Negotiate a Settlement If You Cannot Afford to Pay Your Medical Debt
If you exhausted all the options mentioned above, you have four options:
Apply for Aid
Help may also be available though church, civic, social, and fraternal groups in your community, as well as Salvation Army, Catholic Social Services, United Way, Jewish Social Services, and others that can be found in the yellow pages. Your situation may seem dire, but you are not alone in facing these hurdles, so reach out these and other reputable organizations.
Negotiate a Settlement With the Service Provider
A settlement is where you and the provider talk about what you can afford to pay, and what the provider is willing to accept as payment. See the Bills.com Rules For Negotiating Your Medical Bills article to learn the six rules to negotiate with a medical provider.
From a legal perspective, a medical debt is just like other unsecured consumer debts, such as credit card debt or payday loans. From a negotiating perspective though, medical debt is more complicated than credit card debt because a medical bill is usually includes services provided by several doctors, labs, and other providers. It is rare for all parties to accept less than the full amount due. If you make no headway by negotiating on your own, then you may wish to hire a debt relief provider to develop a debt consolidation payment plan you can afford.
There are two types of consolidation loans. The one that best suits your situation depends on whether you own a home and if your credit score is high. One option is a cash-out mortgage refinance to consolidate debt. A Bills.com partner will give you a no-cost mortgage refinance quote.
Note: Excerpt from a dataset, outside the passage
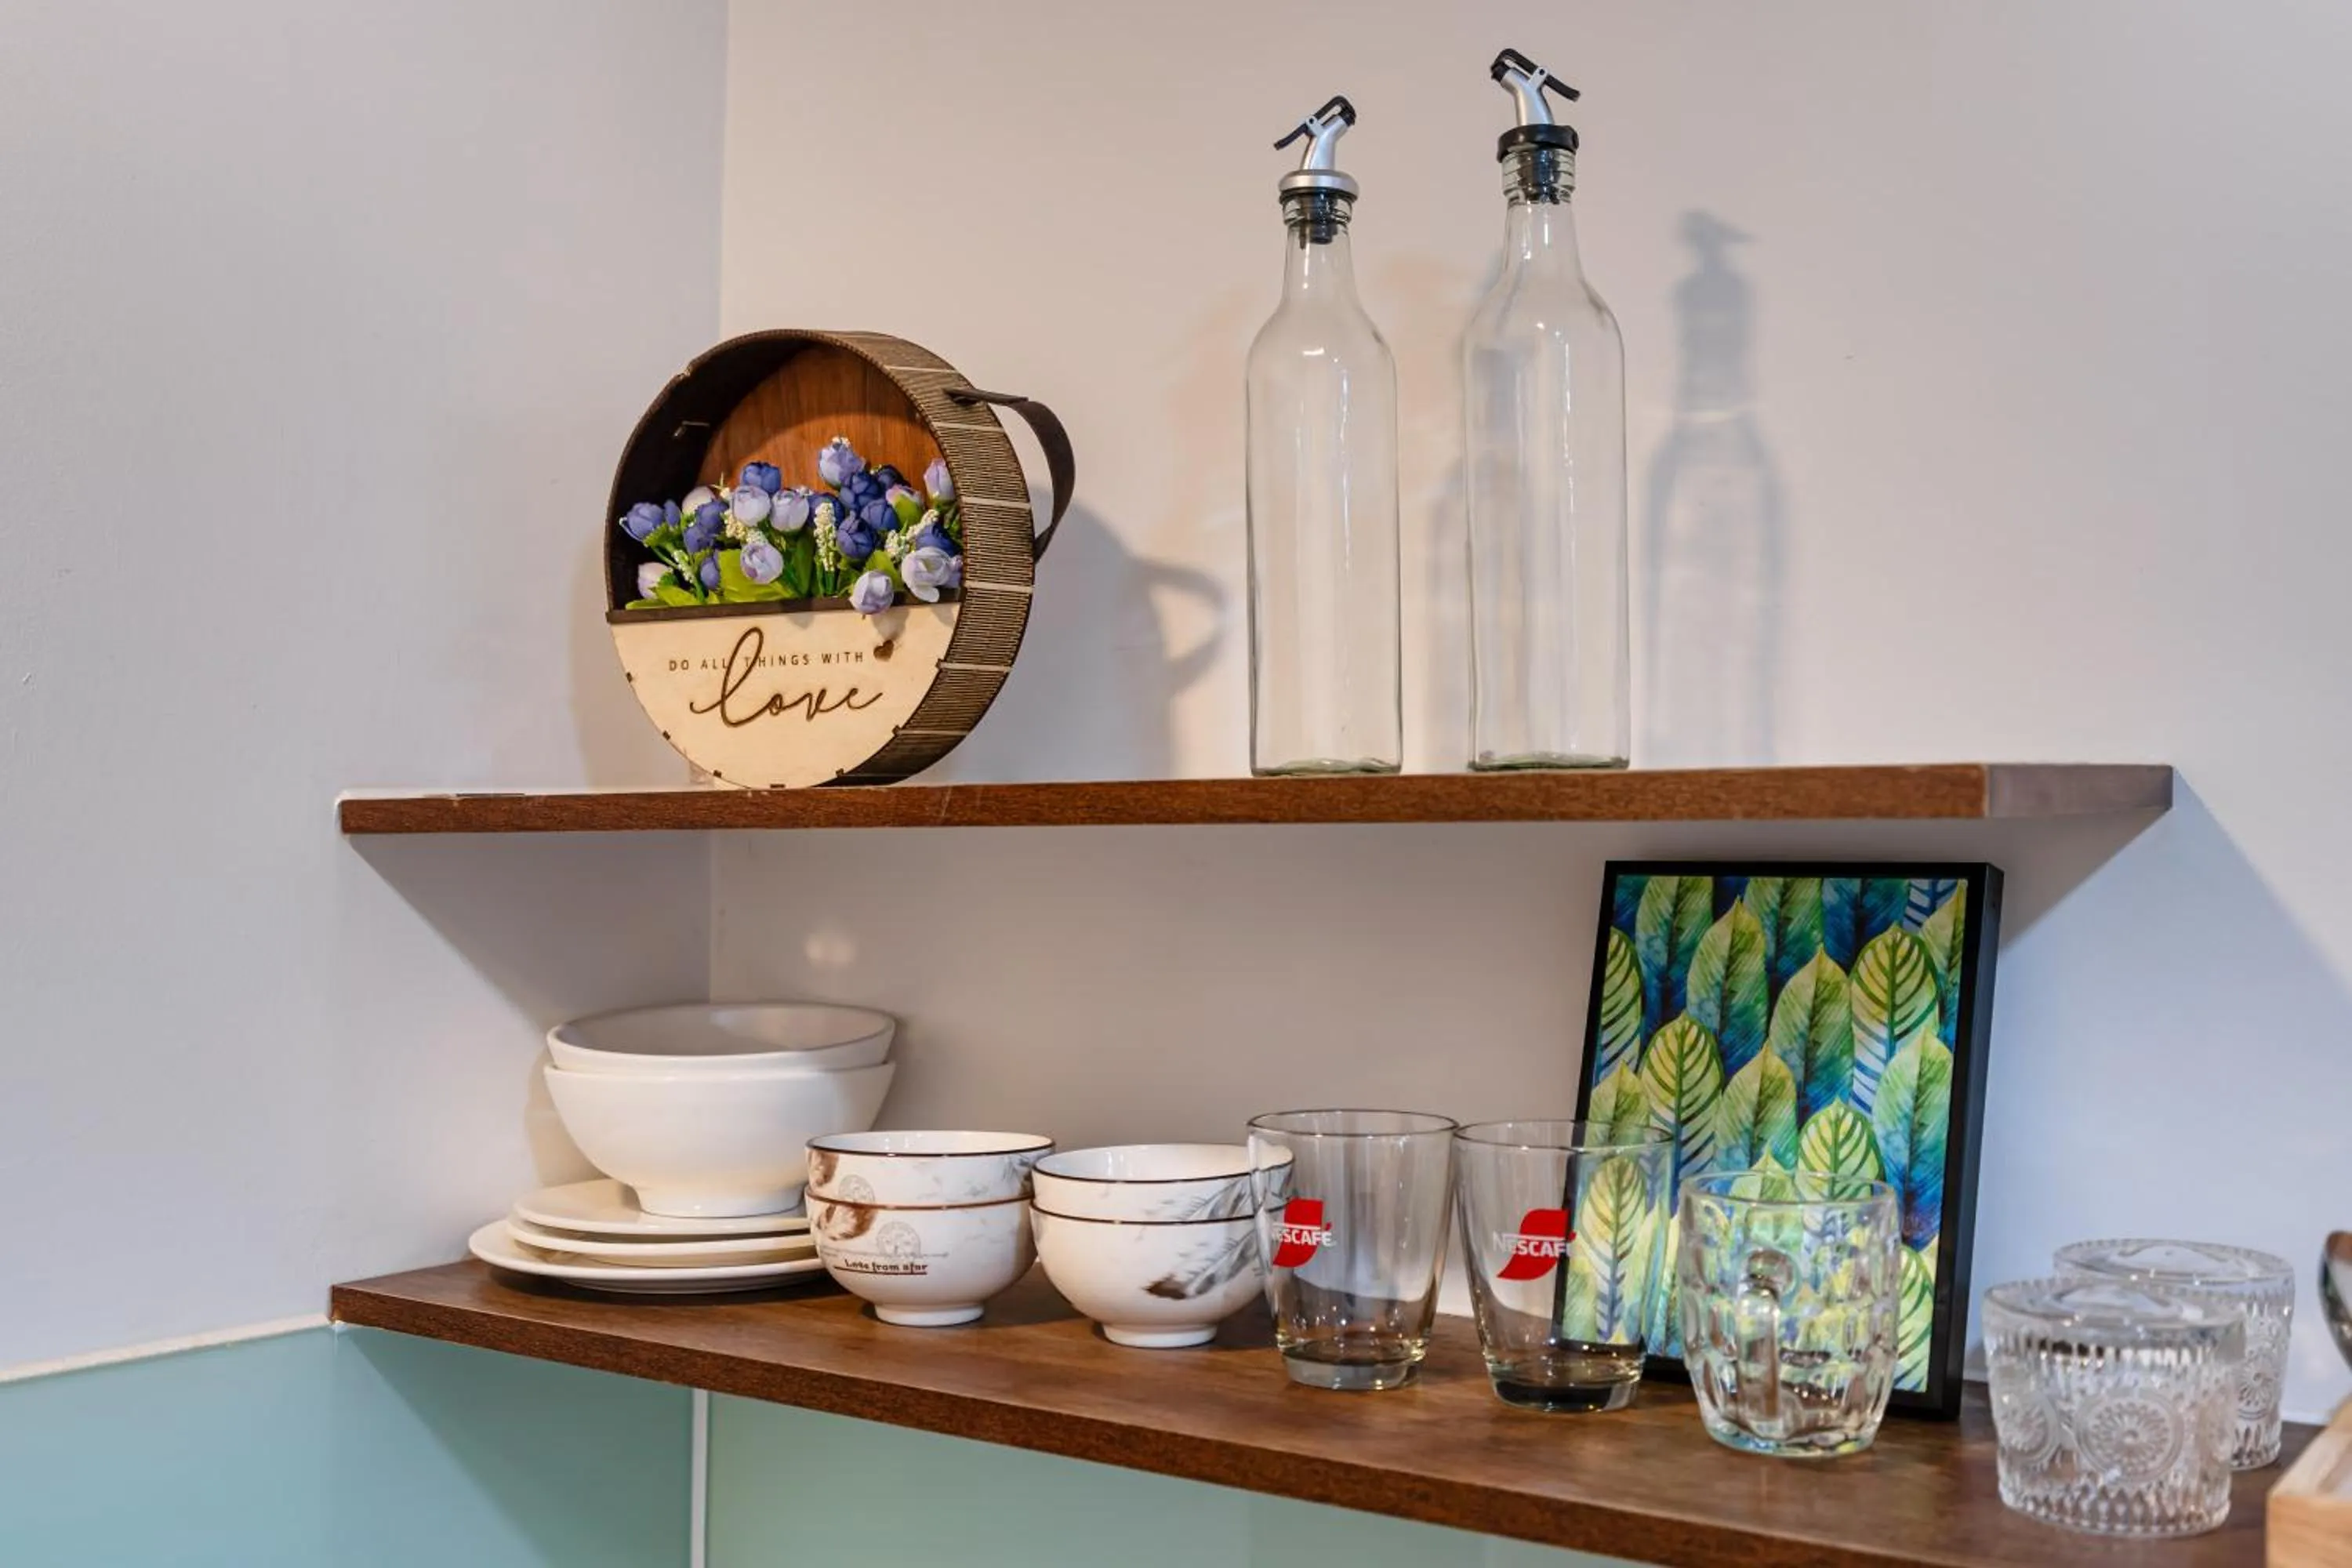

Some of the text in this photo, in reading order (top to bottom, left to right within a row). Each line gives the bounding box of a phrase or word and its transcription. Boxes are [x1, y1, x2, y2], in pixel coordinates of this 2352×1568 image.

[669, 652, 864, 671] DO ALL THINGS WITH
[872, 1261, 900, 1273] from
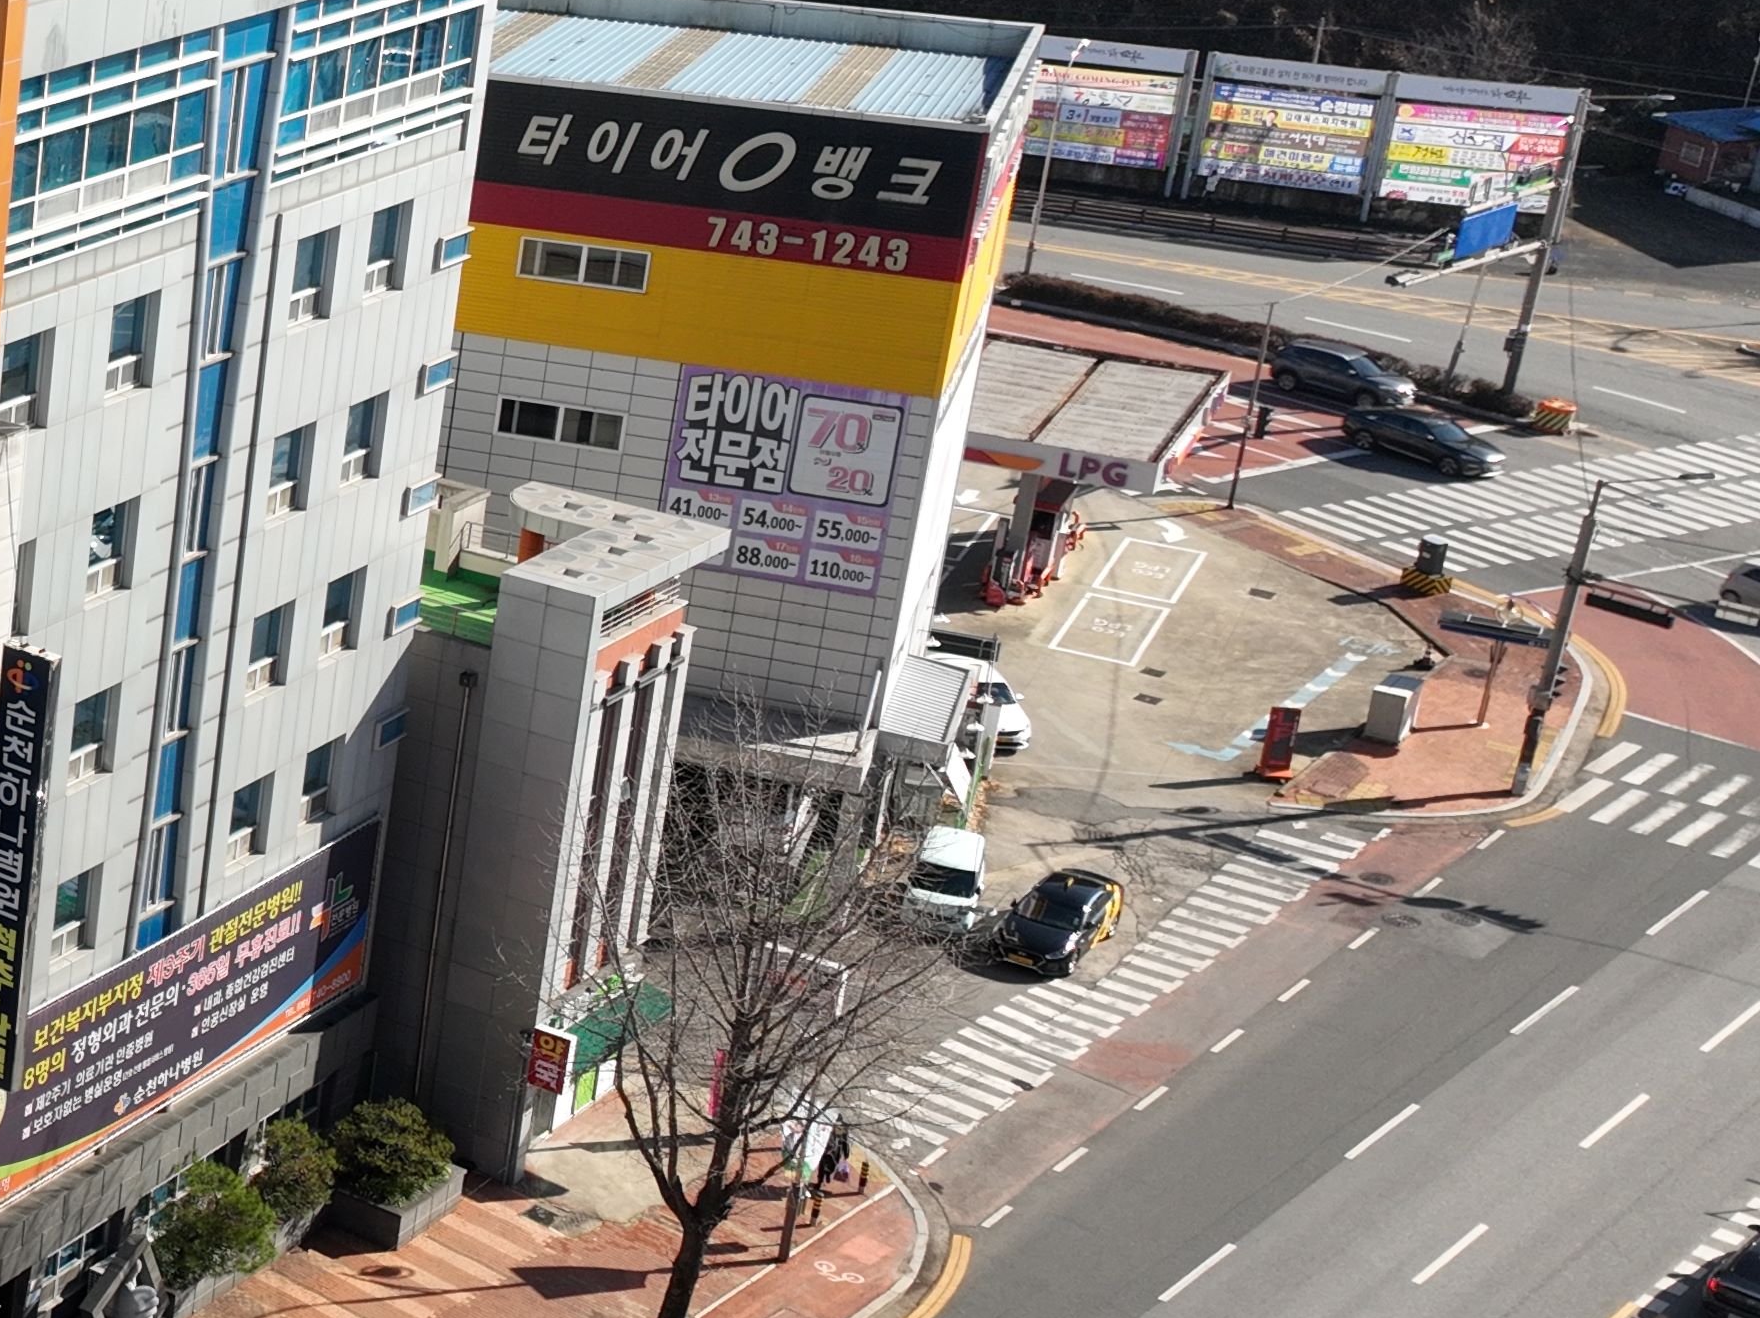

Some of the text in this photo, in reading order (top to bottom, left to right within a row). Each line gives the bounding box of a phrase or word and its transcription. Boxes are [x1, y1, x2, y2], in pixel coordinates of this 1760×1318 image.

If you do not own a home or other property to offer as collateral for a debt consolidation loan, consider an unsecured loan. An unsecured loan is one not tied to (or secured) by something you own. Your ability to qualify for either a credit card or a personal loan that will actually save you money depends on your credit score and the amount of your existing debt. If your credit history is less than perfect, you may have difficulty finding a lender willing to extend you credit, and if you do find a loan, you should expect a high interest rate.
A possible loan source you may want to explore is a peer-to-peer loan. Prosper or Lending Club offer peer-to-peer loans. Both Web sites put private lenders in contact with private borrowers. A private lender may be more willing to lend you money than a traditional bank.
File for Bankruptcy Protection
Bankruptcy is a last resort for resolving medical debt. It is, unfortunately, an option many people are forced to choose, and according to a recent study the No. 1 cause of bankruptcy in the US. Bankruptcy is not a good option if your medical bills are due to a chronic illness where medical costs are likely to continue after you file for bankruptcy. US bankruptcy law sets a minimum amount of time between bankruptcy discharges. Therefore, bankruptcy is good choice when the medical debt is due to a rare calamity.
Medical debt sends many households’ finances into turmoil, and is the No. 1 cause of bankruptcy in the US. Learn if you qualify for assistance in paying your bill. Contact your local government and charitable groups to learn if you qualify for assistance. Review your bill and dispute any errors. Consider negotiating a settlement to your delinquent medical debt. Enlist the help of a pro if negotiating is not one of your skills.
I hope this information helps you Find. Learn & Save.